Bush entices business back with work-permits promise
(CNS): Offering to make it easier for firms in the financial services sector to recruit the staff they needed, Leader of Government Business McKeeva Bush told representatives from the fund industry on Friday that he would be reviewing Cayman’s immigration system and policies. Speaking at Cayman Fund Focus conference, sponsored by local law firm Campbells, Bush, who was the keynote lunchtime speaker, said he was going to do what he could to attract the staff that had been lost back to the Cayman Islands with changes to the immigration regime.
“I am well aware that there is a growing practice of outsourcing mid-office staff to other jurisdictions by some of our local firms,” Bush said, adding that it was the nature of our immigration regime which had contributed greatly to companies making that decision. “Our government wishes to do what is necessary to have those staff members relocated back to the Cayman Islands.”
The LoGB said that the people the industry employs contribute greatly to the local economy.
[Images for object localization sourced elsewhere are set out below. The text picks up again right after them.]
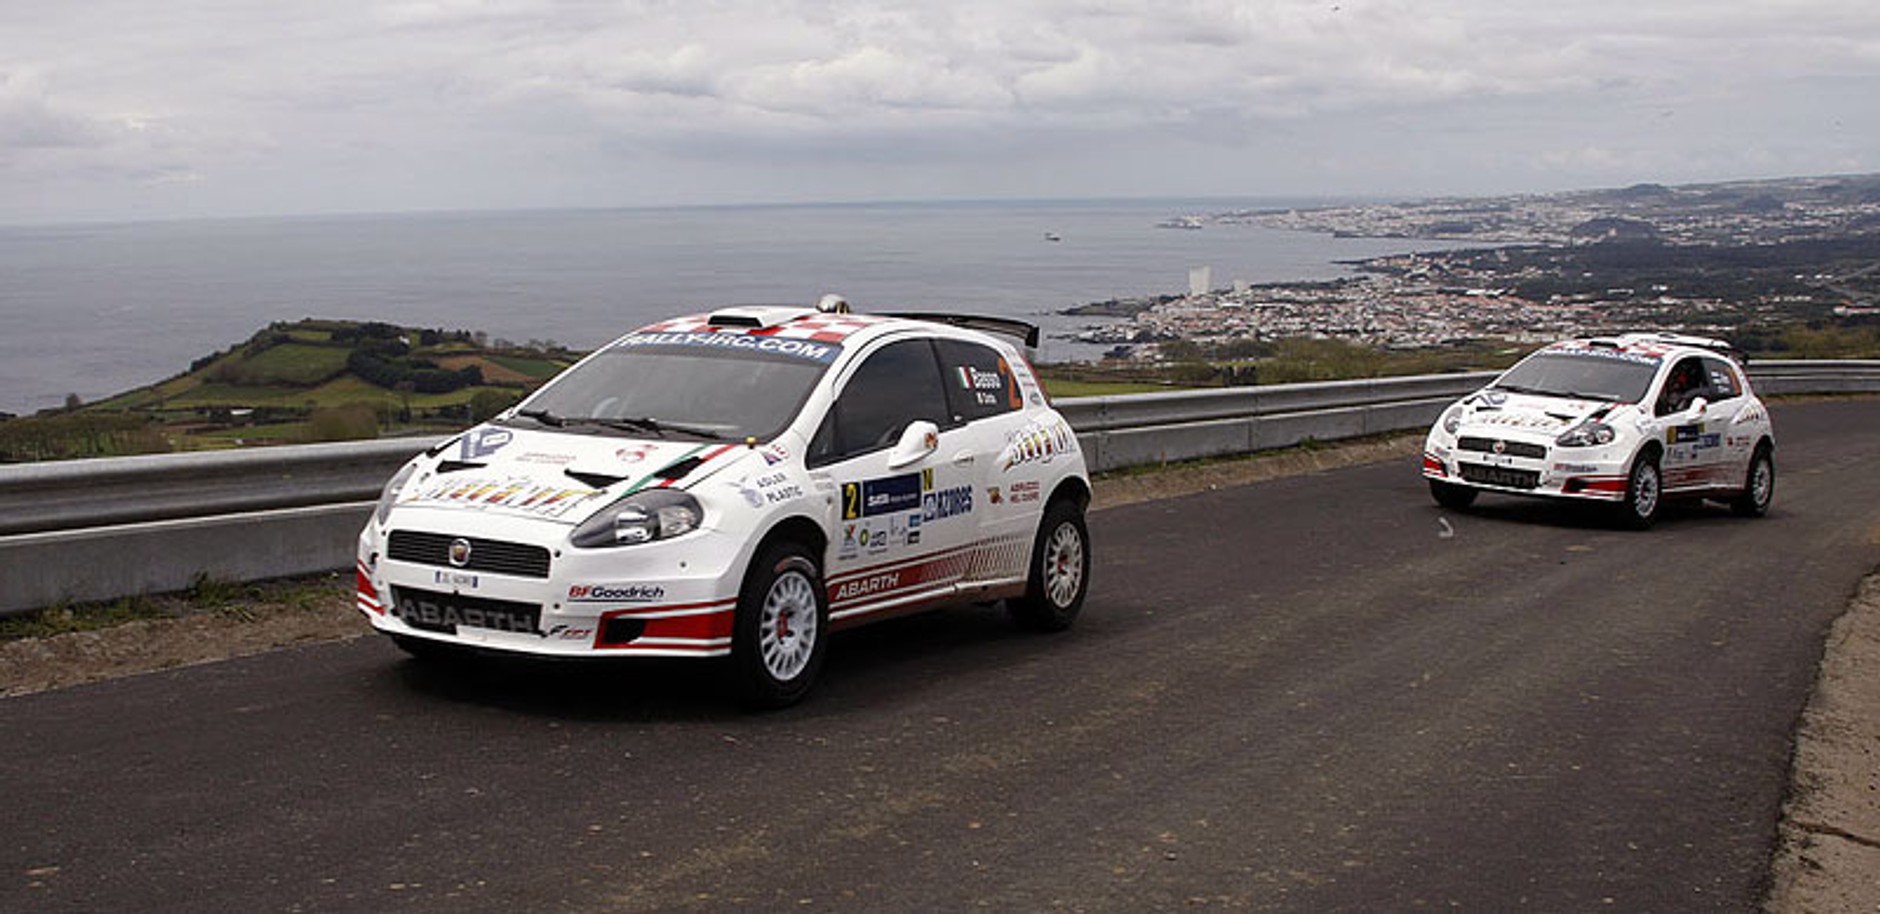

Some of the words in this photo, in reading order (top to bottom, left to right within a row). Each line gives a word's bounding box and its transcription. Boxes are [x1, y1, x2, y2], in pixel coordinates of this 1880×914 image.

[970, 366, 1001, 388] Basso
[766, 486, 803, 503] PLASTIC
[843, 482, 858, 519] 2
[568, 585, 666, 599] BFGoodrich
[836, 573, 899, 600] ABARTH
[400, 599, 534, 634] ABARTH
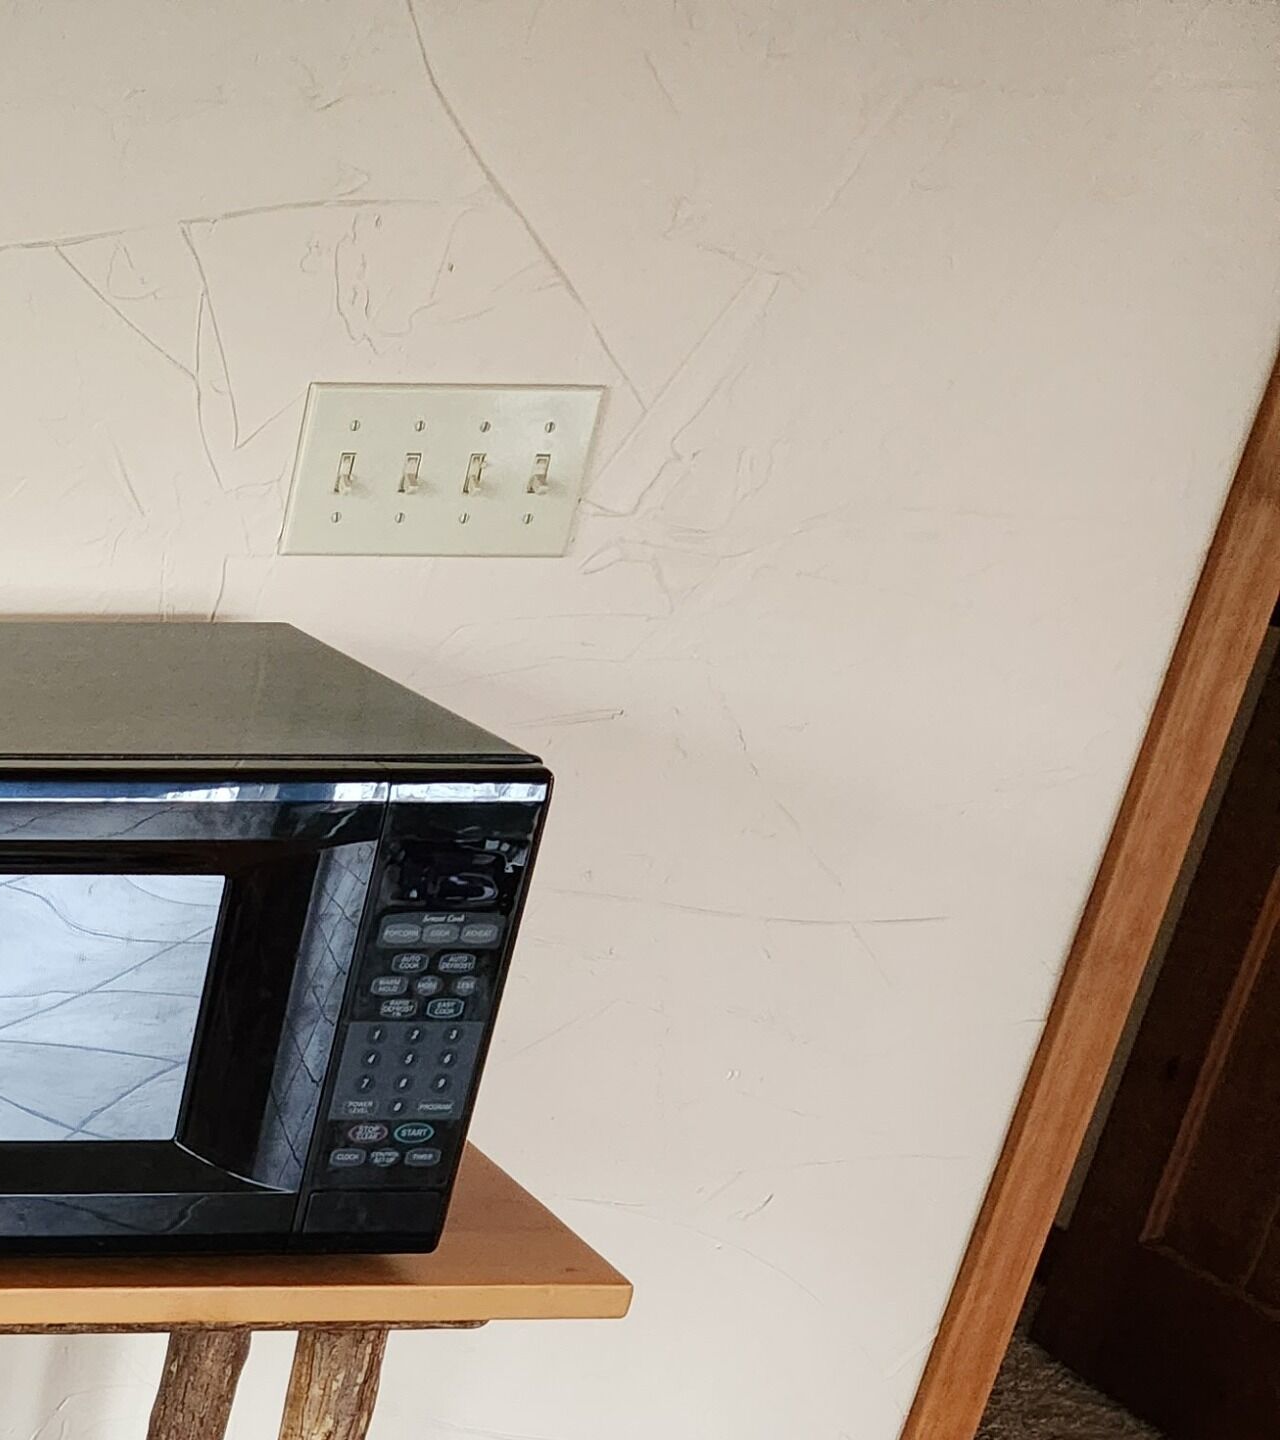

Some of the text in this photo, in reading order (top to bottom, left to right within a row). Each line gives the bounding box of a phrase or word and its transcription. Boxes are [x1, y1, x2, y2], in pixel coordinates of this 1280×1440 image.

[383, 929, 419, 937] POPCORN
[418, 1103, 453, 1111] PROGRAM
[358, 1125, 381, 1133] STOP
[401, 1128, 428, 1137] START
He said that government would work hard to make sure Caymanians were trained and got employment in the fund industry but he knew that when a business faced increased demand for its services they need the ability to recruit in the most efficient manner the staff they need. "And that is what my government is going to help with,” he said.
Immigration was never easy to tackle, he observed, but his government intend to fix the problem so the fund industry could grow. “It is time for action in this area … changes will be made within the next few weeks which will make it easier for fund administrators and other financial services firms to recruit their staff members,” Bush added.
He suggested that, while it was a two-way street and the government needed the continued support from the sector to train and recruit Caymanians, he would deliver on his commitment to relieve the challenges the industry faced with staff to grow their business.
Starting this week, he said, he would be meeting with individual firms to better understand the decision to employ staff in other countries and work out the issues and to see there was the incentive to relocate staff, and by extension business.
He said he also wanted to work towards attracting fund mangers to Cayman as part of the overall strategy of developing Cayman into an International Business Centre, which would secure a more sustainable future and effect how the financial services industry was viewed internationally. “We need the assistance and feed back from this sector, specifically on how we can attract fund managers and other investment professionals to the Cayman Islands.”
He said that it was possible people in the audience may have believed that the government should have introduced a tax but he did not think so, and said he still felt the country could get what it needed by growing its financial business.
“Having the right immigration policy, support from government, building its people who have a presence here — that will give us the revenue,” he said.
Bush said that his people would benefit with better schools, roads and infrastructure and it was the thing to do.
He also spoke about other future plans with the private sector to help grow Cayman, and said that there were a significant number of projects that were in the pipeline that would give the economy a boost of up to $2 billion. Bush also said that he was in talks with an exclusive boutique hotel which was looking to make Cayman its third location.
“There is tremendous interest in the islands,” he said, and while the country faced challenges there were opportunities and it was his job to provide the policy support to benefit from direct investment.